:: Dataset records

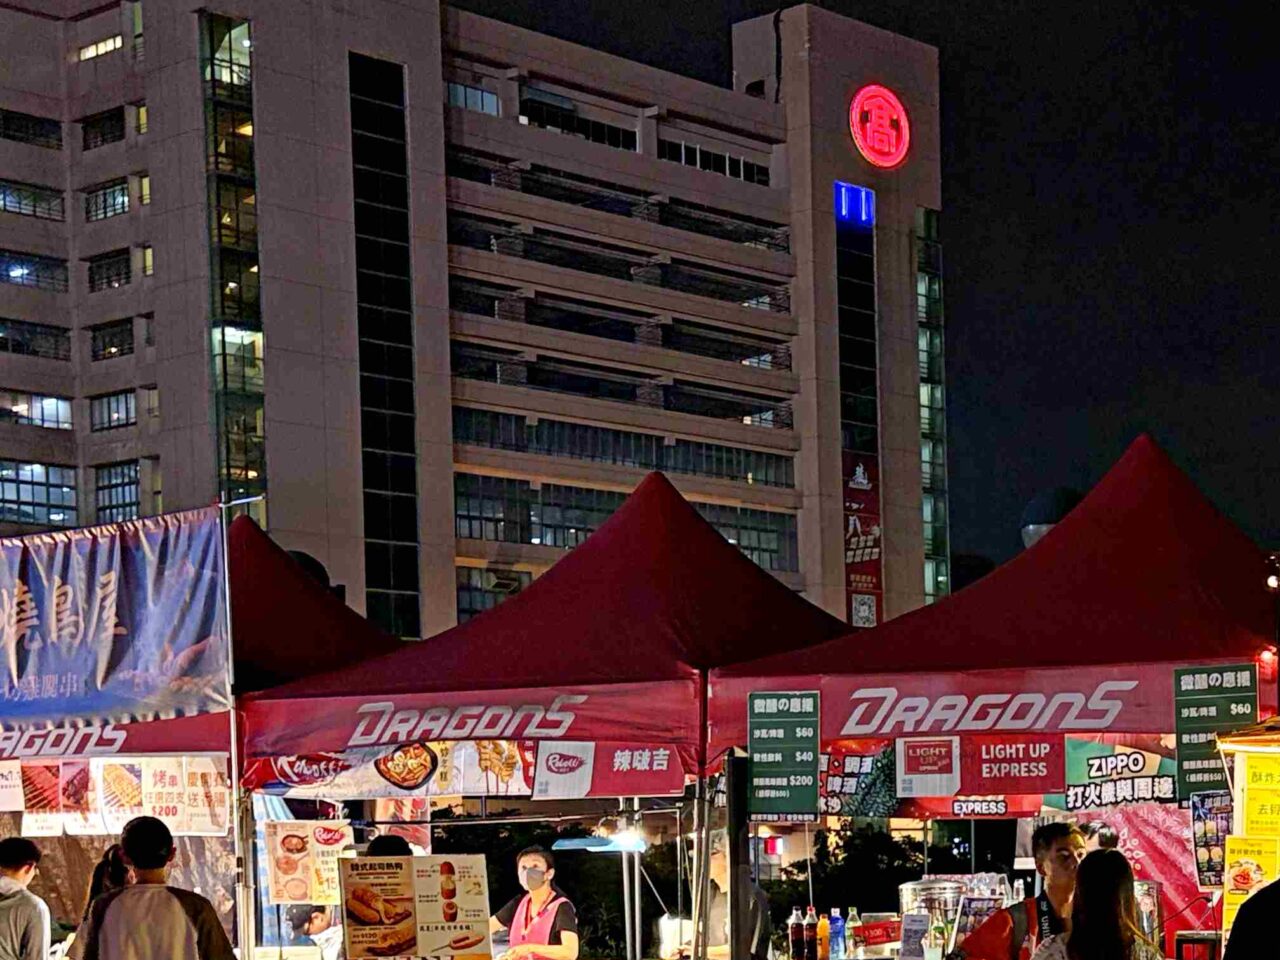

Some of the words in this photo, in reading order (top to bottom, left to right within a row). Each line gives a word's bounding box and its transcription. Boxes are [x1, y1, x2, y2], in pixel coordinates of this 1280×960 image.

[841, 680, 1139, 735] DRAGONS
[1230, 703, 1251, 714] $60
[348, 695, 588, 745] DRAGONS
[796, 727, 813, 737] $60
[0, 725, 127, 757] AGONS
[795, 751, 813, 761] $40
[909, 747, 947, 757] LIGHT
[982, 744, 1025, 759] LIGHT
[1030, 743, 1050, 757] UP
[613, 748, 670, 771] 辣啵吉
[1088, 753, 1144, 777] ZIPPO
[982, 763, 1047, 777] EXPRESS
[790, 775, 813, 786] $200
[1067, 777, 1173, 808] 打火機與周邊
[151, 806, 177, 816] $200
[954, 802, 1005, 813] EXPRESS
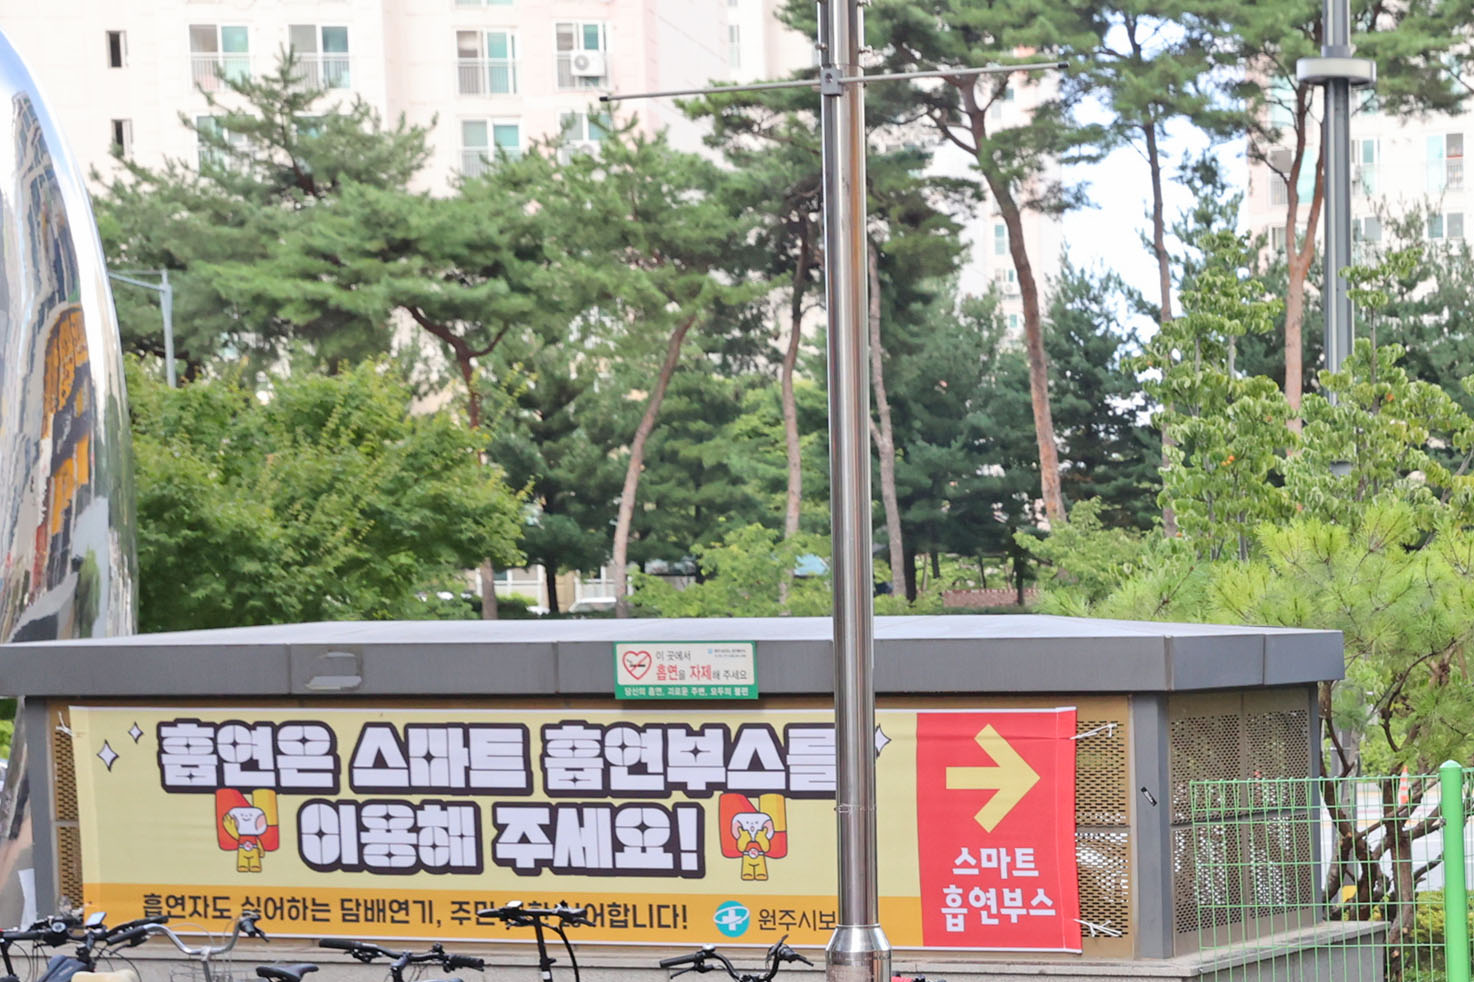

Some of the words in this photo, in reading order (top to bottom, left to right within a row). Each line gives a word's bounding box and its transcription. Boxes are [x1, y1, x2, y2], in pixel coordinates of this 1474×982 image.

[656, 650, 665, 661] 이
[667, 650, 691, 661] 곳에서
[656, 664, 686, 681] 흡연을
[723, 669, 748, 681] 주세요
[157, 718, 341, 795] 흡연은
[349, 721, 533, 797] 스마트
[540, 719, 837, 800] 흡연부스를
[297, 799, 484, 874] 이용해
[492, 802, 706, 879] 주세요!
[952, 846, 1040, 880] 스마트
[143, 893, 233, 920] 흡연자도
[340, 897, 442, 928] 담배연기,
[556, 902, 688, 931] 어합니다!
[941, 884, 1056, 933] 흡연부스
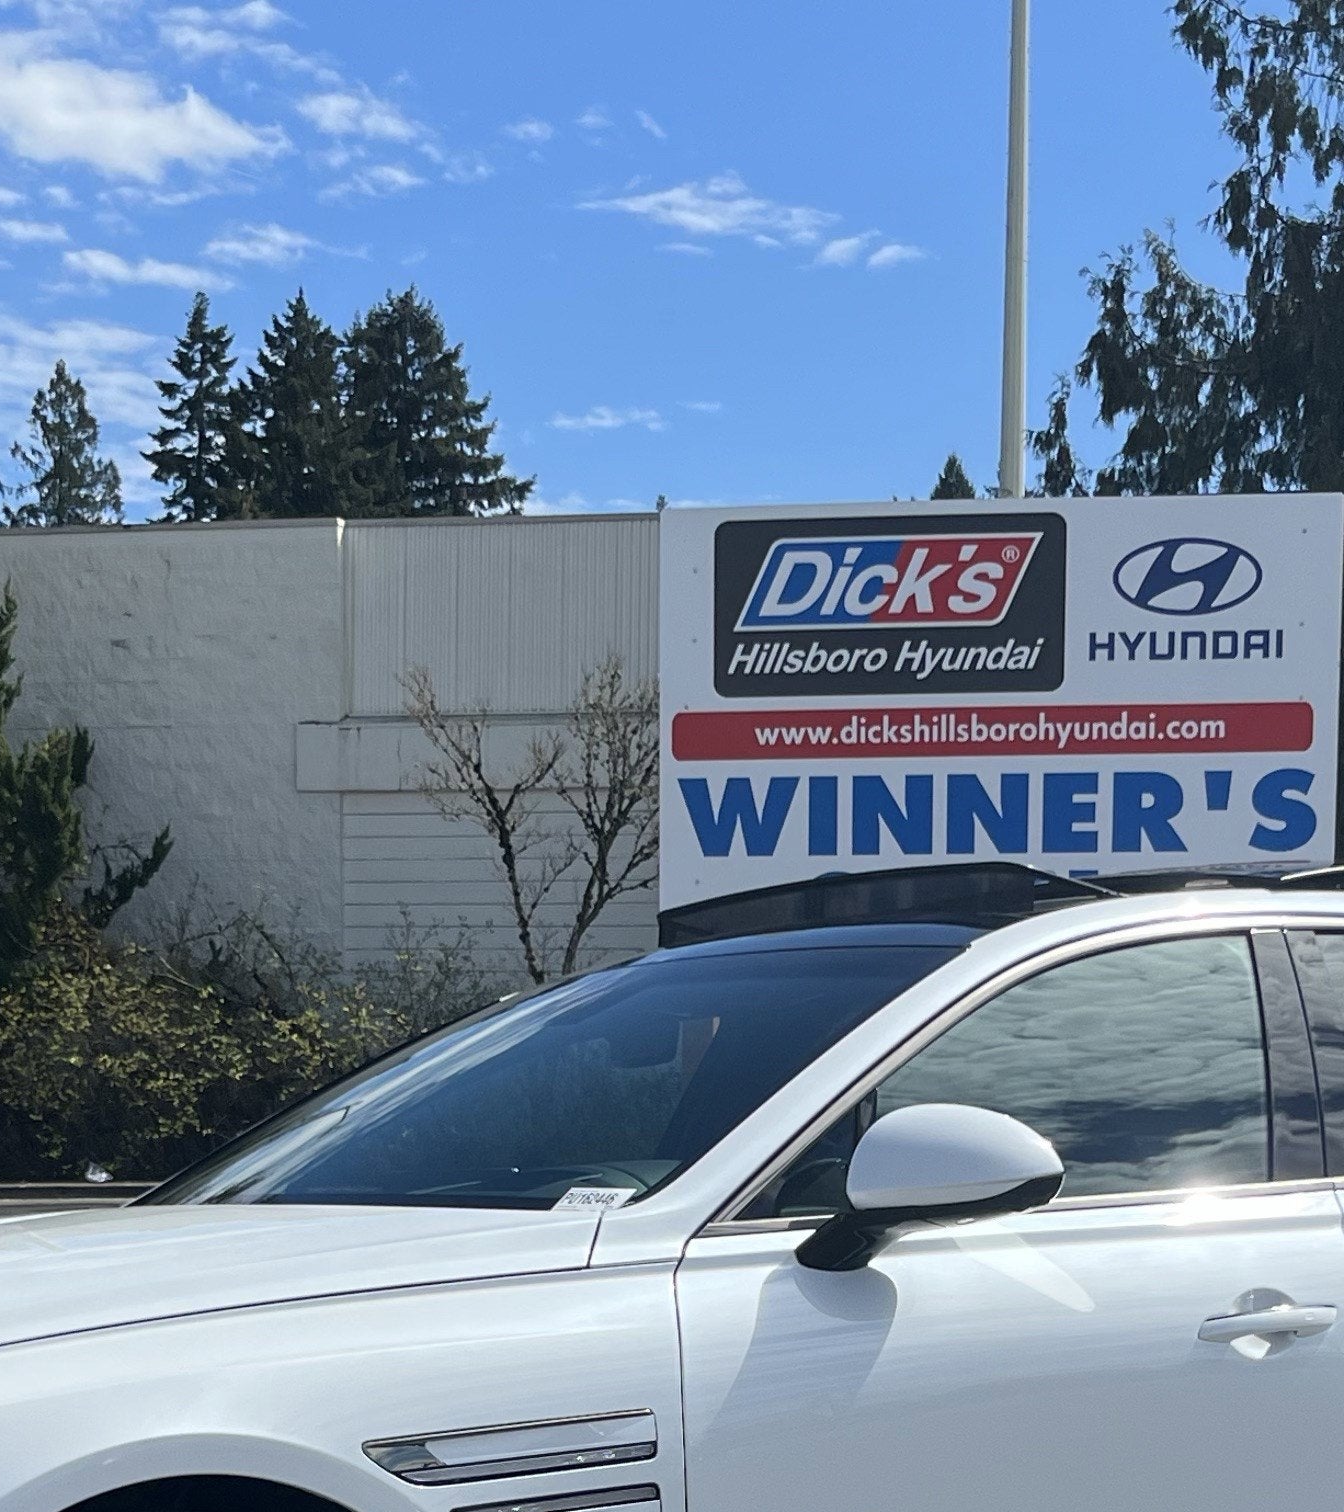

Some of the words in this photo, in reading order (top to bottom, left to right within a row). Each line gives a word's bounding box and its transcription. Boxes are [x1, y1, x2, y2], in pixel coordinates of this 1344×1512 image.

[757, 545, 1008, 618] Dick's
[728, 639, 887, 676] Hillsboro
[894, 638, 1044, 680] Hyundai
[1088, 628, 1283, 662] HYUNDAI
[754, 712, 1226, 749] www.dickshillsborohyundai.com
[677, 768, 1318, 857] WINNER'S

::::

Transcribe every entry above exactly as it stands, but skip the images.

Some of the words in this photo, in reading order (top to bottom, left to right within a row). Each line gives a word's bounding box and its transcription. Boxes are [x1, y1, x2, y2], in pixel coordinates of this 1280×960 image.

[841, 680, 1139, 735] DRAGONS
[1230, 703, 1251, 714] $60
[348, 695, 588, 745] DRAGONS
[796, 727, 813, 737] $60
[0, 725, 127, 757] AGONS
[795, 751, 813, 761] $40
[909, 747, 947, 757] LIGHT
[982, 744, 1025, 759] LIGHT
[1030, 743, 1050, 757] UP
[613, 748, 670, 771] 辣啵吉
[1088, 753, 1144, 777] ZIPPO
[982, 763, 1047, 777] EXPRESS
[790, 775, 813, 786] $200
[1067, 777, 1173, 808] 打火機與周邊
[151, 806, 177, 816] $200
[954, 802, 1005, 813] EXPRESS

Some of the words in this photo, in reading order (top to bottom, left to right within a row). Each line gives a word's bounding box and its transcription. Boxes are [x1, y1, x2, y2], in pixel coordinates of this 1474×982 image.

[656, 650, 665, 661] 이
[667, 650, 691, 661] 곳에서
[656, 664, 686, 681] 흡연을
[723, 669, 748, 681] 주세요
[157, 718, 341, 795] 흡연은
[349, 721, 533, 797] 스마트
[540, 719, 837, 800] 흡연부스를
[297, 799, 484, 874] 이용해
[492, 802, 706, 879] 주세요!
[952, 846, 1040, 880] 스마트
[143, 893, 233, 920] 흡연자도
[340, 897, 442, 928] 담배연기,
[556, 902, 688, 931] 어합니다!
[941, 884, 1056, 933] 흡연부스

Some of the words in this photo, in reading order (top to bottom, left to right within a row). Each line gives a word's bounding box and its transcription. Boxes are [x1, y1, x2, y2], in pixel coordinates of this 1344×1512 image.

[757, 545, 1008, 618] Dick's
[728, 639, 887, 676] Hillsboro
[894, 638, 1044, 680] Hyundai
[1088, 628, 1283, 662] HYUNDAI
[754, 712, 1226, 749] www.dickshillsborohyundai.com
[677, 768, 1318, 857] WINNER'S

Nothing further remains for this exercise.